[Stored data]
· · · ·
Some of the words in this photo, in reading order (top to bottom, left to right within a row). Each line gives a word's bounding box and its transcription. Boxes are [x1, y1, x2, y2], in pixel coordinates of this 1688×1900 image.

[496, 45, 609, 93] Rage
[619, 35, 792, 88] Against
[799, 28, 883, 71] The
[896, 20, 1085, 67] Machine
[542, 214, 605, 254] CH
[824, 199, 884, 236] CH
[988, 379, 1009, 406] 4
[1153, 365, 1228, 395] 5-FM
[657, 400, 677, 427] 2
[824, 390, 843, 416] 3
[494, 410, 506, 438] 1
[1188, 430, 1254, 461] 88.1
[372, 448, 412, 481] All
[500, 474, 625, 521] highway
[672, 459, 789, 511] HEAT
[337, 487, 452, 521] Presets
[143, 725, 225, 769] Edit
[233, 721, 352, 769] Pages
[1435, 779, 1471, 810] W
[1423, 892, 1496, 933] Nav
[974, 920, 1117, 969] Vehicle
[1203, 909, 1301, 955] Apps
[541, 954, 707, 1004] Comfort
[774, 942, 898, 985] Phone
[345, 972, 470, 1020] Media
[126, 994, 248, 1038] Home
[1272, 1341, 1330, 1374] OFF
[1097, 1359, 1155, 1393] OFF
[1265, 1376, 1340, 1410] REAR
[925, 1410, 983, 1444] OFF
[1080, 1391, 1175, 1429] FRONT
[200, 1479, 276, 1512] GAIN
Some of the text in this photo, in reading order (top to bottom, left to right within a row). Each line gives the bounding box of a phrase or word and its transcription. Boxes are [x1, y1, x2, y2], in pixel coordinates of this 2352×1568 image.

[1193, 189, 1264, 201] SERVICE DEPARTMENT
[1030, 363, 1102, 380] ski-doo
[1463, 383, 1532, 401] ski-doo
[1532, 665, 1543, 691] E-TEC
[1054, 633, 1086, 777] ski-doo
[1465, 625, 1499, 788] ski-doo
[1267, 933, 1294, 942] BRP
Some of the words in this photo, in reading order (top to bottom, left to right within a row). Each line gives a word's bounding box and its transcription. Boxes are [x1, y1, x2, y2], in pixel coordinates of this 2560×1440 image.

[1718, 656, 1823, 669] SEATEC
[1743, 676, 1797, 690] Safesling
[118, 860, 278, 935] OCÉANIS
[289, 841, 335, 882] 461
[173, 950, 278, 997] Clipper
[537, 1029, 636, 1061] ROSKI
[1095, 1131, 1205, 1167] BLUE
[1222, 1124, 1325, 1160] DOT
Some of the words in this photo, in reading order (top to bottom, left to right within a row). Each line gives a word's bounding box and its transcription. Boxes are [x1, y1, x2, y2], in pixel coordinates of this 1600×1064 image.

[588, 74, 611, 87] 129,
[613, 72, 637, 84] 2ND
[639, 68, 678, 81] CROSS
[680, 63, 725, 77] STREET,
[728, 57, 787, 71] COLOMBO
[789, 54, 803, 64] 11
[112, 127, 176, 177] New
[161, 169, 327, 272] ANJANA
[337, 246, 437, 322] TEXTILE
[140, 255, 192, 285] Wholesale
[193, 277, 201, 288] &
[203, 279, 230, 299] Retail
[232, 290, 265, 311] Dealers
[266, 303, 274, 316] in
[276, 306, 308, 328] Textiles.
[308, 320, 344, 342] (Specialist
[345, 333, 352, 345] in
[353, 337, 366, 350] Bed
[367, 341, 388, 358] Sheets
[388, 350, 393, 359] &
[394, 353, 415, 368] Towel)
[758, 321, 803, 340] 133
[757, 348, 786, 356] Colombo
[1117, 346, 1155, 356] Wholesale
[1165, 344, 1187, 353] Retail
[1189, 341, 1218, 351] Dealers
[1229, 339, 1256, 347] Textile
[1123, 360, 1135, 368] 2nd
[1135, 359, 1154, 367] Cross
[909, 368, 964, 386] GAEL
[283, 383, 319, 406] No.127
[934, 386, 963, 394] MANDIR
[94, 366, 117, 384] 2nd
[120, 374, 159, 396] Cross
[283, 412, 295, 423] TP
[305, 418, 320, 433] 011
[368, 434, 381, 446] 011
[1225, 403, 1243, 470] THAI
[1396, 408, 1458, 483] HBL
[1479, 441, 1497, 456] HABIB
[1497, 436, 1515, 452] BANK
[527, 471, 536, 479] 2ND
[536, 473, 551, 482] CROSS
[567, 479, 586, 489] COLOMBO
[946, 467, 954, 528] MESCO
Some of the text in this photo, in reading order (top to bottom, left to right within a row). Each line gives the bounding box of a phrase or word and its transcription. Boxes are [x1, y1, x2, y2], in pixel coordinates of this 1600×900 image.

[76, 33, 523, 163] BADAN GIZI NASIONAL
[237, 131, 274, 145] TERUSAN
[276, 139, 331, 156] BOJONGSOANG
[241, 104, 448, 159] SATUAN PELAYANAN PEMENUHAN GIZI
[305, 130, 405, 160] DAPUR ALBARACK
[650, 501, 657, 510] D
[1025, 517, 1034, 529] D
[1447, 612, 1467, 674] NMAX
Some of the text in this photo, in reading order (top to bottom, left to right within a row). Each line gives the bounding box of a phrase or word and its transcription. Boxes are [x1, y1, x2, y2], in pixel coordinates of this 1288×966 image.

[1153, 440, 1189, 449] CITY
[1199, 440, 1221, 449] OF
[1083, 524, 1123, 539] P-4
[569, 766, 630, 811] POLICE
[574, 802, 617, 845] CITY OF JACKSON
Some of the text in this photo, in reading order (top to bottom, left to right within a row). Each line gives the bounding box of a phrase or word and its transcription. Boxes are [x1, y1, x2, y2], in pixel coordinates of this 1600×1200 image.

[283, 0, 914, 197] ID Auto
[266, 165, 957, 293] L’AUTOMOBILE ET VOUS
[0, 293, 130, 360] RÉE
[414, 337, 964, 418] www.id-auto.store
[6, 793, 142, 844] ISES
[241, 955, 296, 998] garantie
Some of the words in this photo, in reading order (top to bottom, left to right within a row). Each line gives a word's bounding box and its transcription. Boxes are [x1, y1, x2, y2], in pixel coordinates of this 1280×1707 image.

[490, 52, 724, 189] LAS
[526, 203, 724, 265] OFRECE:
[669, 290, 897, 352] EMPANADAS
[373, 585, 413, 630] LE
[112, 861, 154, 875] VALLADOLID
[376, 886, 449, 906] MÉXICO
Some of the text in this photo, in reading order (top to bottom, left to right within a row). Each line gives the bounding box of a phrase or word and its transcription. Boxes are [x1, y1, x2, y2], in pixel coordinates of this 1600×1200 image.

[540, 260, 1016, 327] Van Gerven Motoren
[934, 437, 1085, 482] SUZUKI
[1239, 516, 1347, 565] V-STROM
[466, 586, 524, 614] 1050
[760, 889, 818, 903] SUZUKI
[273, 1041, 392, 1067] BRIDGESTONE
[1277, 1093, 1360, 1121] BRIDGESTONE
· · · ·
*Your assignment:* Send back all of the entries exactly, with nothing missing.

*Answer to the exercise:*
Some of the words in this photo, in reading order (top to bottom, left to right within a row). Each line gives a word's bounding box and its transcription. Boxes are [x1, y1, x2, y2], in pixel coordinates of this 1688×1900 image.

[496, 45, 609, 93] Rage
[619, 35, 792, 88] Against
[799, 28, 883, 71] The
[896, 20, 1085, 67] Machine
[542, 214, 605, 254] CH
[824, 199, 884, 236] CH
[988, 379, 1009, 406] 4
[1153, 365, 1228, 395] 5-FM
[657, 400, 677, 427] 2
[824, 390, 843, 416] 3
[494, 410, 506, 438] 1
[1188, 430, 1254, 461] 88.1
[372, 448, 412, 481] All
[500, 474, 625, 521] highway
[672, 459, 789, 511] HEAT
[337, 487, 452, 521] Presets
[143, 725, 225, 769] Edit
[233, 721, 352, 769] Pages
[1435, 779, 1471, 810] W
[1423, 892, 1496, 933] Nav
[974, 920, 1117, 969] Vehicle
[1203, 909, 1301, 955] Apps
[541, 954, 707, 1004] Comfort
[774, 942, 898, 985] Phone
[345, 972, 470, 1020] Media
[126, 994, 248, 1038] Home
[1272, 1341, 1330, 1374] OFF
[1097, 1359, 1155, 1393] OFF
[1265, 1376, 1340, 1410] REAR
[925, 1410, 983, 1444] OFF
[1080, 1391, 1175, 1429] FRONT
[200, 1479, 276, 1512] GAIN
Some of the text in this photo, in reading order (top to bottom, left to right within a row). Each line gives the bounding box of a phrase or word and its transcription. Boxes are [x1, y1, x2, y2], in pixel coordinates of this 2352×1568 image.

[1193, 189, 1264, 201] SERVICE DEPARTMENT
[1030, 363, 1102, 380] ski-doo
[1463, 383, 1532, 401] ski-doo
[1532, 665, 1543, 691] E-TEC
[1054, 633, 1086, 777] ski-doo
[1465, 625, 1499, 788] ski-doo
[1267, 933, 1294, 942] BRP
Some of the words in this photo, in reading order (top to bottom, left to right within a row). Each line gives a word's bounding box and its transcription. Boxes are [x1, y1, x2, y2], in pixel coordinates of this 2560×1440 image.

[1718, 656, 1823, 669] SEATEC
[1743, 676, 1797, 690] Safesling
[118, 860, 278, 935] OCÉANIS
[289, 841, 335, 882] 461
[173, 950, 278, 997] Clipper
[537, 1029, 636, 1061] ROSKI
[1095, 1131, 1205, 1167] BLUE
[1222, 1124, 1325, 1160] DOT
Some of the words in this photo, in reading order (top to bottom, left to right within a row). Each line gives a word's bounding box and its transcription. Boxes are [x1, y1, x2, y2], in pixel coordinates of this 1600×1064 image.

[588, 74, 611, 87] 129,
[613, 72, 637, 84] 2ND
[639, 68, 678, 81] CROSS
[680, 63, 725, 77] STREET,
[728, 57, 787, 71] COLOMBO
[789, 54, 803, 64] 11
[112, 127, 176, 177] New
[161, 169, 327, 272] ANJANA
[337, 246, 437, 322] TEXTILE
[140, 255, 192, 285] Wholesale
[193, 277, 201, 288] &
[203, 279, 230, 299] Retail
[232, 290, 265, 311] Dealers
[266, 303, 274, 316] in
[276, 306, 308, 328] Textiles.
[308, 320, 344, 342] (Specialist
[345, 333, 352, 345] in
[353, 337, 366, 350] Bed
[367, 341, 388, 358] Sheets
[388, 350, 393, 359] &
[394, 353, 415, 368] Towel)
[758, 321, 803, 340] 133
[757, 348, 786, 356] Colombo
[1117, 346, 1155, 356] Wholesale
[1165, 344, 1187, 353] Retail
[1189, 341, 1218, 351] Dealers
[1229, 339, 1256, 347] Textile
[1123, 360, 1135, 368] 2nd
[1135, 359, 1154, 367] Cross
[909, 368, 964, 386] GAEL
[283, 383, 319, 406] No.127
[934, 386, 963, 394] MANDIR
[94, 366, 117, 384] 2nd
[120, 374, 159, 396] Cross
[283, 412, 295, 423] TP
[305, 418, 320, 433] 011
[368, 434, 381, 446] 011
[1225, 403, 1243, 470] THAI
[1396, 408, 1458, 483] HBL
[1479, 441, 1497, 456] HABIB
[1497, 436, 1515, 452] BANK
[527, 471, 536, 479] 2ND
[536, 473, 551, 482] CROSS
[567, 479, 586, 489] COLOMBO
[946, 467, 954, 528] MESCO
Some of the text in this photo, in reading order (top to bottom, left to right within a row). Each line gives the bounding box of a phrase or word and its transcription. Boxes are [x1, y1, x2, y2], in pixel coordinates of this 1600×900 image.

[76, 33, 523, 163] BADAN GIZI NASIONAL
[237, 131, 274, 145] TERUSAN
[276, 139, 331, 156] BOJONGSOANG
[241, 104, 448, 159] SATUAN PELAYANAN PEMENUHAN GIZI
[305, 130, 405, 160] DAPUR ALBARACK
[650, 501, 657, 510] D
[1025, 517, 1034, 529] D
[1447, 612, 1467, 674] NMAX
Some of the text in this photo, in reading order (top to bottom, left to right within a row). Each line gives the bounding box of a phrase or word and its transcription. Boxes are [x1, y1, x2, y2], in pixel coordinates of this 1288×966 image.

[1153, 440, 1189, 449] CITY
[1199, 440, 1221, 449] OF
[1083, 524, 1123, 539] P-4
[569, 766, 630, 811] POLICE
[574, 802, 617, 845] CITY OF JACKSON
Some of the text in this photo, in reading order (top to bottom, left to right within a row). Each line gives the bounding box of a phrase or word and its transcription. Boxes are [x1, y1, x2, y2], in pixel coordinates of this 1600×1200 image.

[283, 0, 914, 197] ID Auto
[266, 165, 957, 293] L’AUTOMOBILE ET VOUS
[0, 293, 130, 360] RÉE
[414, 337, 964, 418] www.id-auto.store
[6, 793, 142, 844] ISES
[241, 955, 296, 998] garantie
Some of the words in this photo, in reading order (top to bottom, left to right within a row). Each line gives a word's bounding box and its transcription. Boxes are [x1, y1, x2, y2], in pixel coordinates of this 1280×1707 image.

[490, 52, 724, 189] LAS
[526, 203, 724, 265] OFRECE:
[669, 290, 897, 352] EMPANADAS
[373, 585, 413, 630] LE
[112, 861, 154, 875] VALLADOLID
[376, 886, 449, 906] MÉXICO
Some of the text in this photo, in reading order (top to bottom, left to right within a row). Each line gives the bounding box of a phrase or word and its transcription. Boxes are [x1, y1, x2, y2], in pixel coordinates of this 1600×1200 image.

[540, 260, 1016, 327] Van Gerven Motoren
[934, 437, 1085, 482] SUZUKI
[1239, 516, 1347, 565] V-STROM
[466, 586, 524, 614] 1050
[760, 889, 818, 903] SUZUKI
[273, 1041, 392, 1067] BRIDGESTONE
[1277, 1093, 1360, 1121] BRIDGESTONE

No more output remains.